■ Exercise brief ■
Restate all the lines below word for word, but omit the pictures.
── Source material
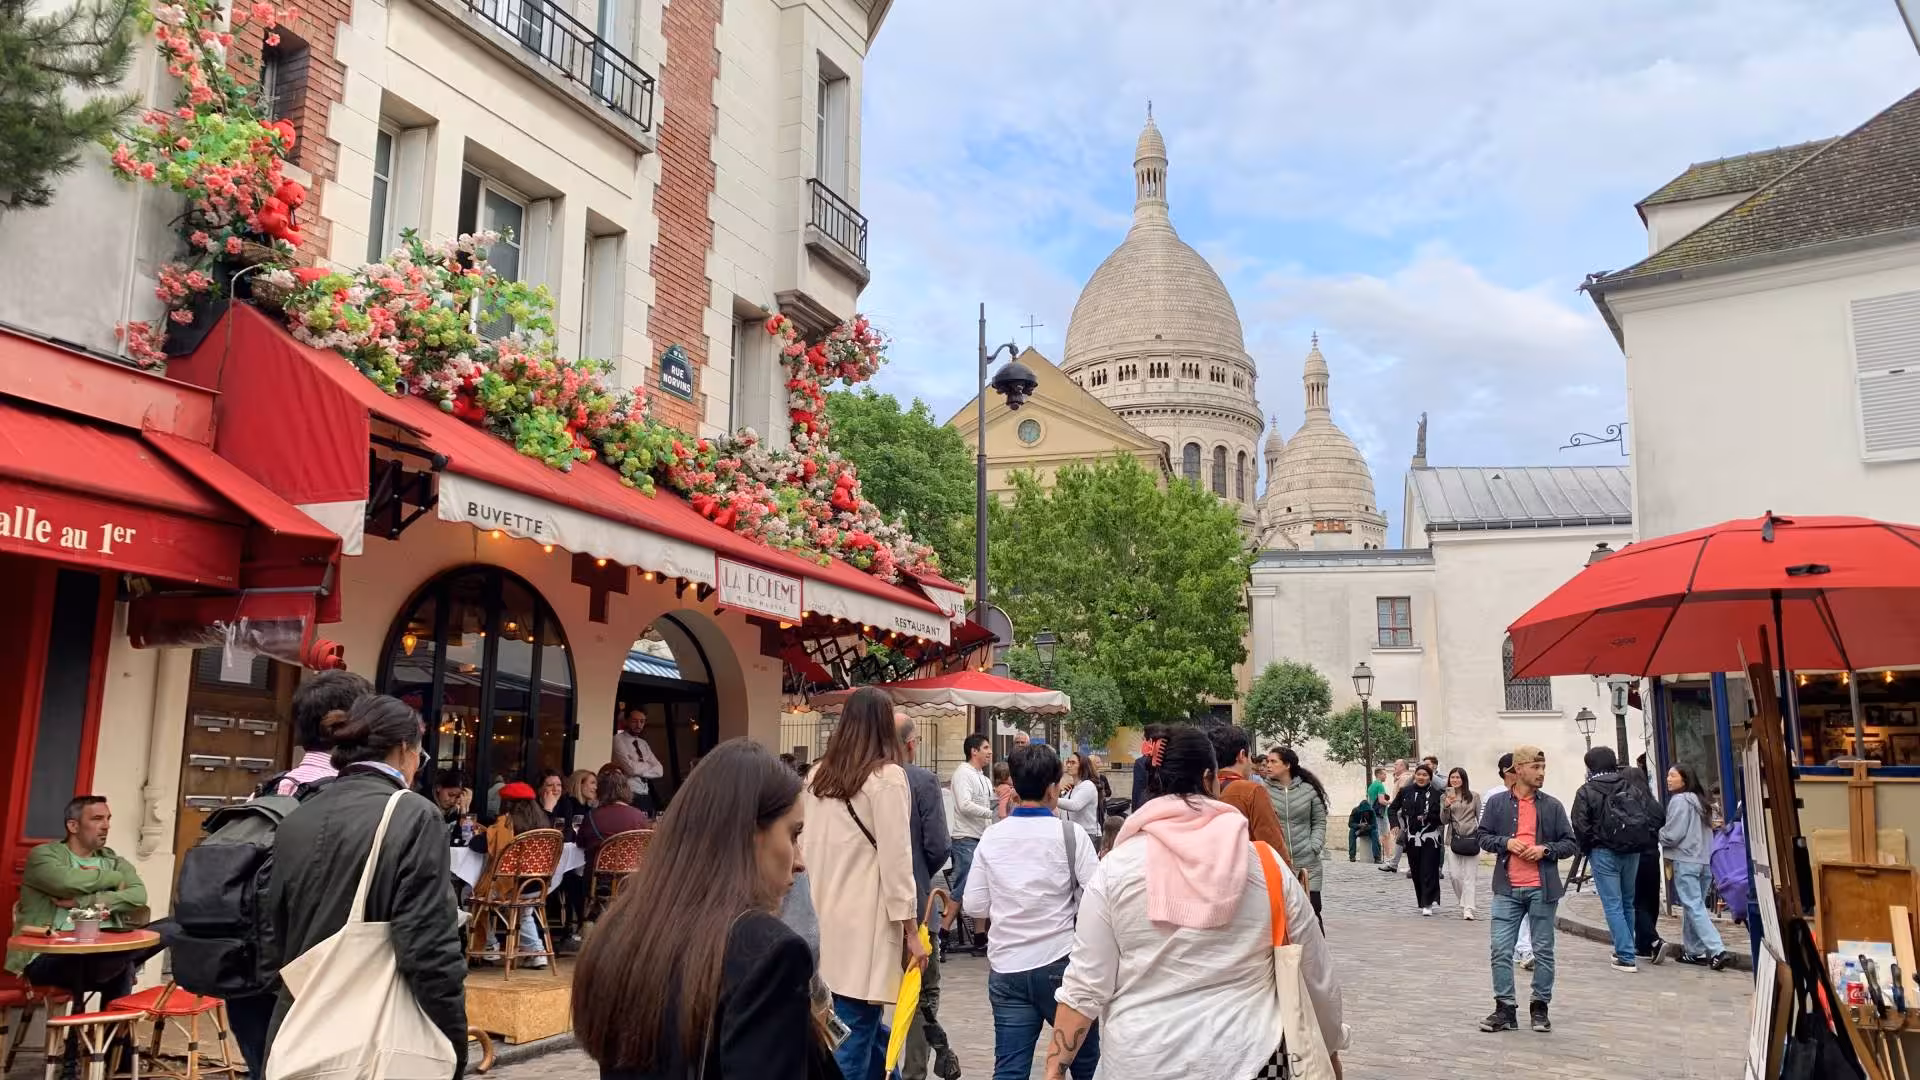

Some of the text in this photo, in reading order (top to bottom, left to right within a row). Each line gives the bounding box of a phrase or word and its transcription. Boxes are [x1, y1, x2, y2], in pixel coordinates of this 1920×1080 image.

[671, 365, 684, 379] RUE
[663, 373, 691, 393] NORVINS
[468, 502, 543, 535] BUVETTE
[0, 505, 137, 555] alle au 1er
[722, 566, 741, 589] LA
[895, 616, 941, 636] RESTAURANT
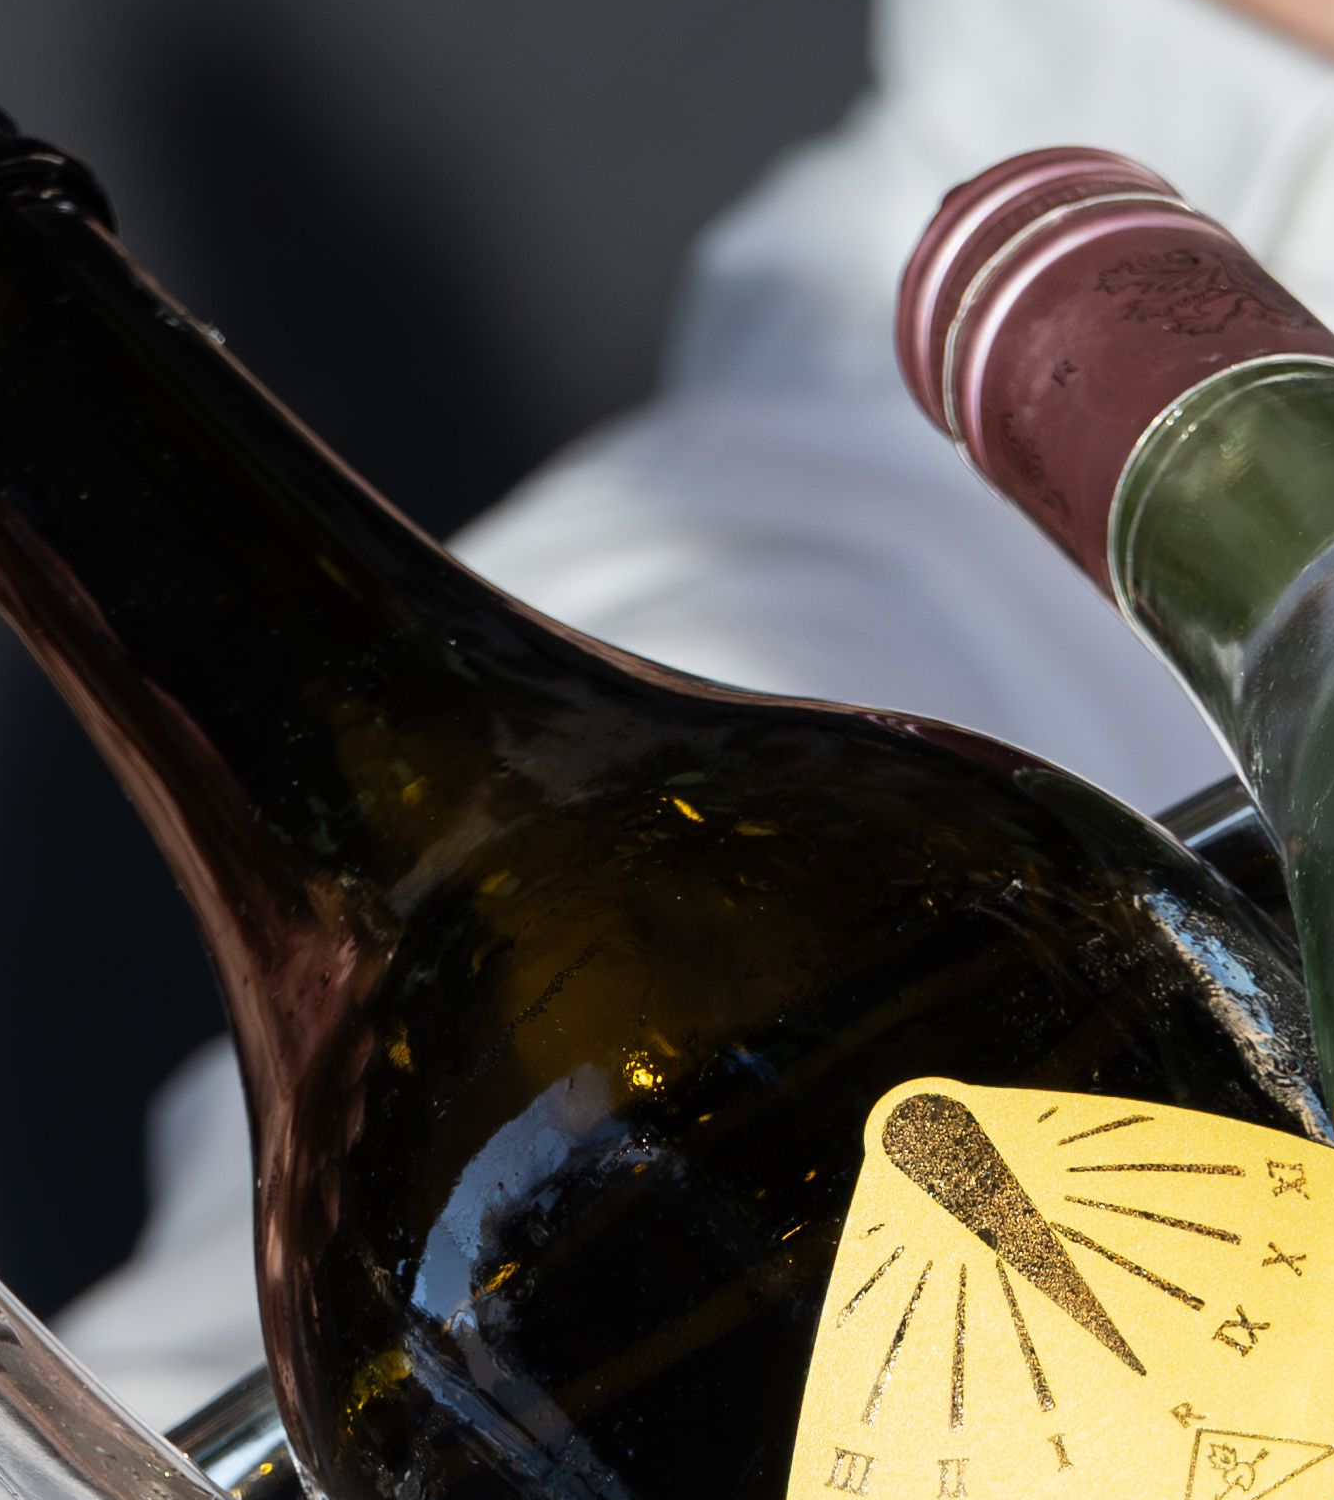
────
■ Finished task ■
Some of the text in this photo, in reading order (top to bottom, left to right within a row). Each line gives the bounding box of a phrase or word and its transcription. Boxes are [x1, y1, x2, y2], in pixel coordinates of this 1920×1080 image.

[671, 365, 684, 379] RUE
[663, 373, 691, 393] NORVINS
[468, 502, 543, 535] BUVETTE
[0, 505, 137, 555] alle au 1er
[722, 566, 741, 589] LA
[895, 616, 941, 636] RESTAURANT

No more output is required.